While many of these reports are peer-reviewed, they all make different judgments about the kinds of policy levers that would be available to Washington—or to states and cities—to bring those reductions about. Those were judgments that the Biden administration—and ultimately McCarthy’s White House office—would have had to make before announcing the NDC in April.
“I am confident that the White House spent quite a bit of time saying, ‘What do we think we could actually get? What policies would actually be put in place?’” said Leon Clarke, acting director of the Center for Global Sustainability, which had a hand in crafting two reports that modeled a 50 percent reduction in U.S. emissions by the end of the decade. “There’s no model that will do that for you.”
There may be many ways to deliver on Biden’s pledge, but all of them are hard.
Tom Wilson, a researcher at the Electric Power Research Institute, said a report of his on the NDC (that is currently undergoing peer review) showed that it would require a 66 to 80 percent reduction in power-sector greenhouse gas emissions by the end of the decade. Biden has committed to the high end of that range—80 percent zero-carbon energy by the end of this decade and a zero-emissions power grid five years later.
But that would mean shuttering most if not all of the nation’s coal plants by 2030 and building the equivalent of half of the nation’s electric system over again with wind, solar and a little bit of gas, said Wilson. The NDC also would see electric vehicle sales balloon from 2 to 3 percent of the market today to 55 to 70 percent by 2030. Battery technologies also would have to improve.

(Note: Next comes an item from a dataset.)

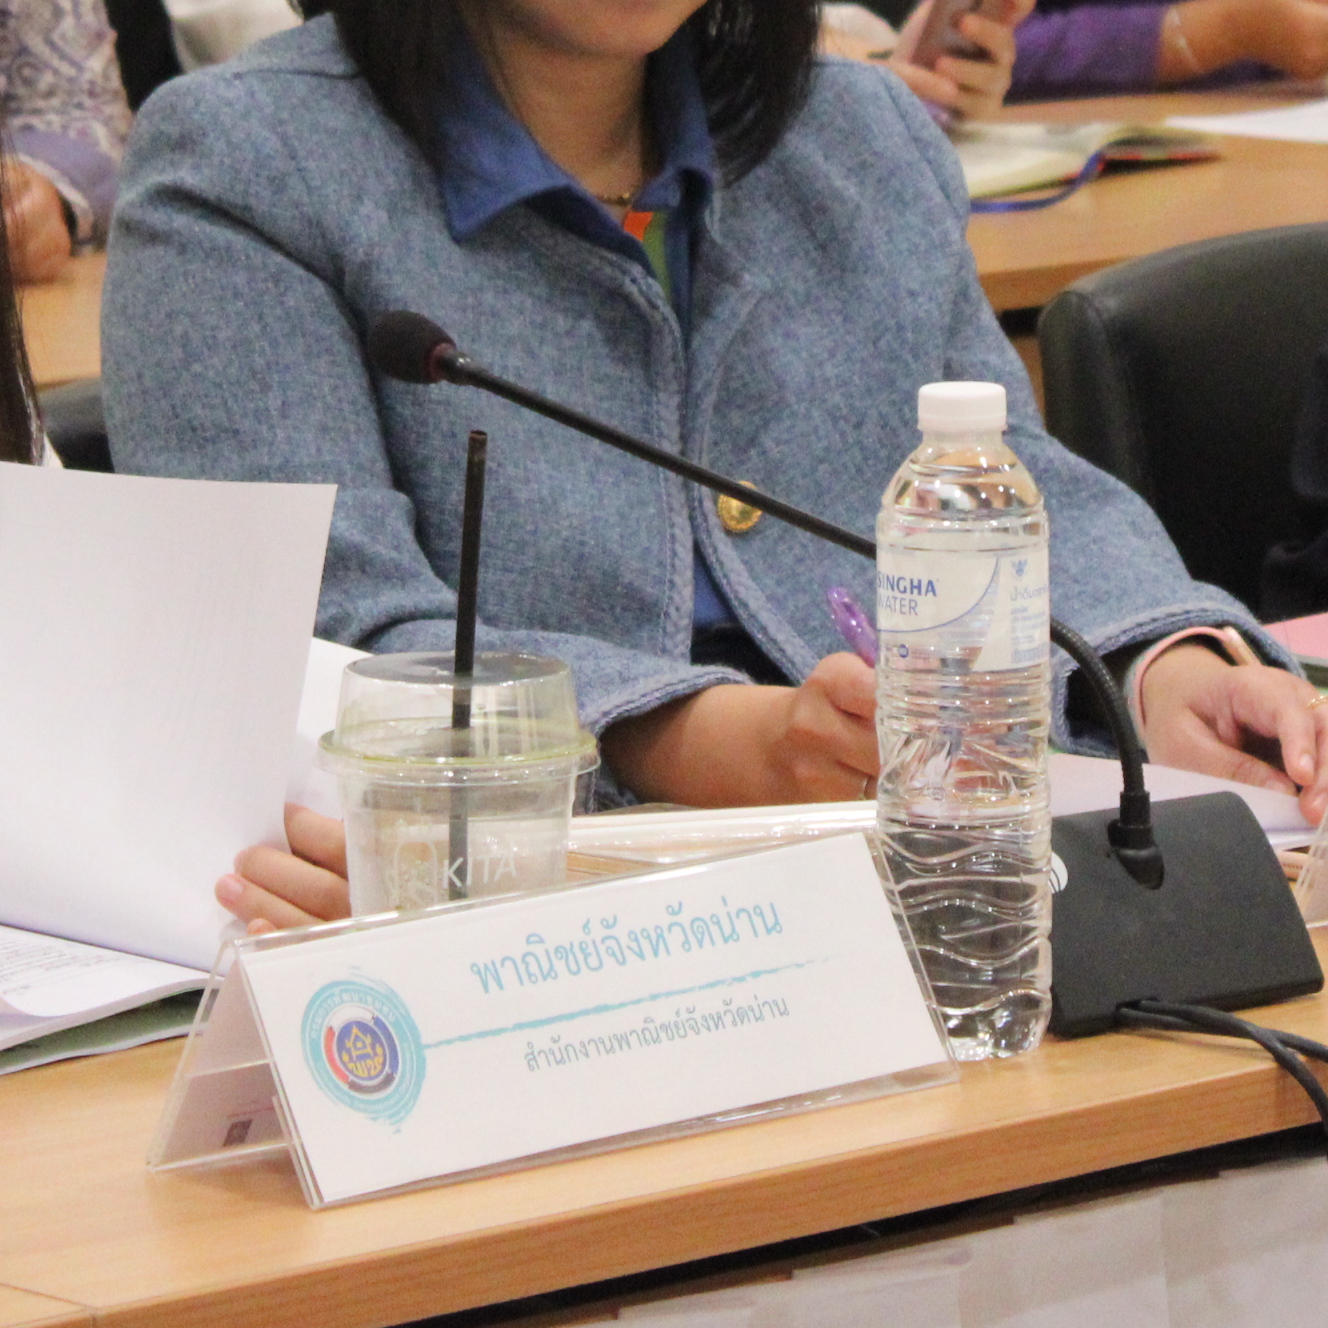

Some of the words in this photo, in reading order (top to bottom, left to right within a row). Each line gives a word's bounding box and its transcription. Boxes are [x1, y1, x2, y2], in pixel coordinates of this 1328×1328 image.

[442, 852, 517, 890] KITA
[470, 896, 783, 994] พาณิชย์จังหวัดน่าน
[524, 995, 790, 1071] สำนักงานพาณิชย์จังหวัดน่าน

“With the right funding and the right incentives, you can do a lot of this stuff, but they’re each challenges,” said Wilson.

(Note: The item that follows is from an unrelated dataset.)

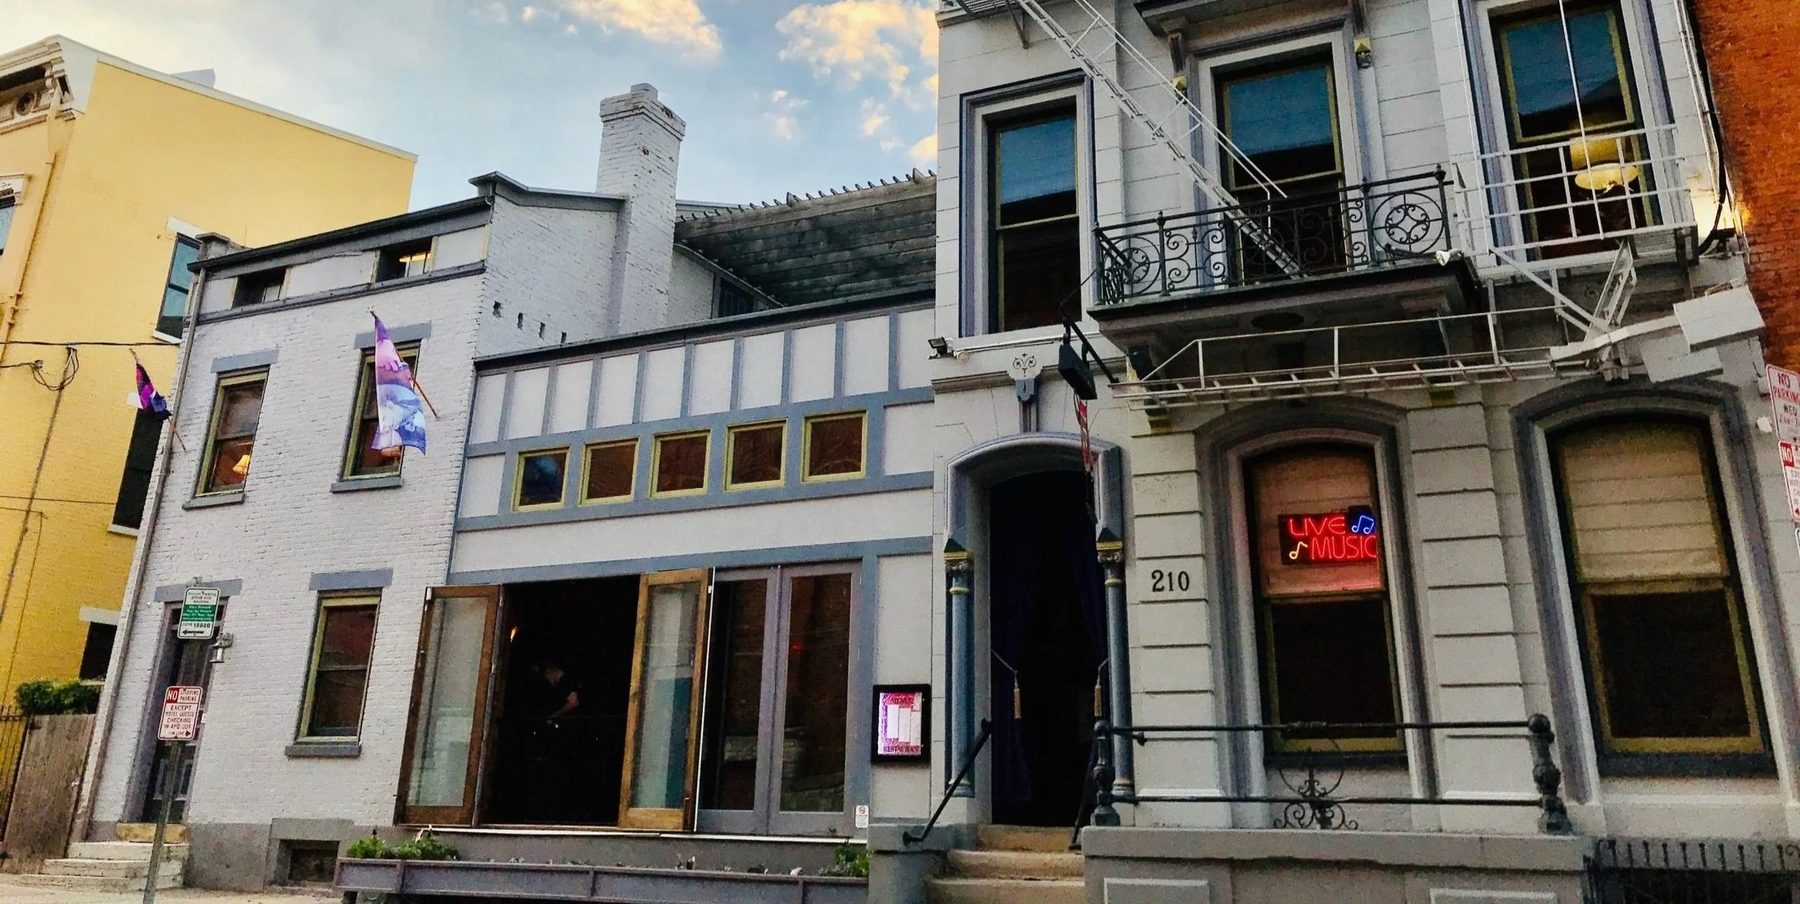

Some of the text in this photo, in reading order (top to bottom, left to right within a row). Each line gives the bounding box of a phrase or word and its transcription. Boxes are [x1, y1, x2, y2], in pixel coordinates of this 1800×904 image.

The America’s Pledge report, which Hultman co-authored, stressed the contribution that state policies could make toward a 50 percent reduction by 2030. But Hare said national governments set the framework for Paris commitments, not states or other subnational entities.
“In the absence of federal regulations and incentives, you don’t get the same level of action or economic efficiency in the end,” he said. “I don’t know whether the U.S. would make these reductions that are needed with only more or less randomized state-based actions.”
While gridlock on Capitol Hill is in the spotlight right now, the Biden administration also faces challenges crafting regulations under existing laws, like the Clean Air Act, that can withstand litigation all the way to the Supreme Court. The high court stayed the Obama-era Clean Power Plan in 2016 and has grown more conservative since.
“The reason why you’ve got to have Congress to do it is that the type of energy transformation that you need does go beyond existing regulatory authority, but you also need federal preemption at least to the extent of where you’re going to have litigation with all these regs that are related,” said George David Banks, a Trump White House climate adviser. “And regardless of the party in power, the EPA hasn’t had the best record.”
And though the business sector backs some of the Biden administration’s climate regulations—such as a recently finalized phasedown of climate superpollutants used in cooling and refrigeration—many companies and industries still strenuously opposes others. While many U.S. utilities have committed to zero out carbon by 2050, Biden’s 2035 net zero power pledge doesn’t have broad support within the sector.
Still, the United States has some advantages over other countries in setting its NDCs, especially when it comes to the availability of carbon sinks.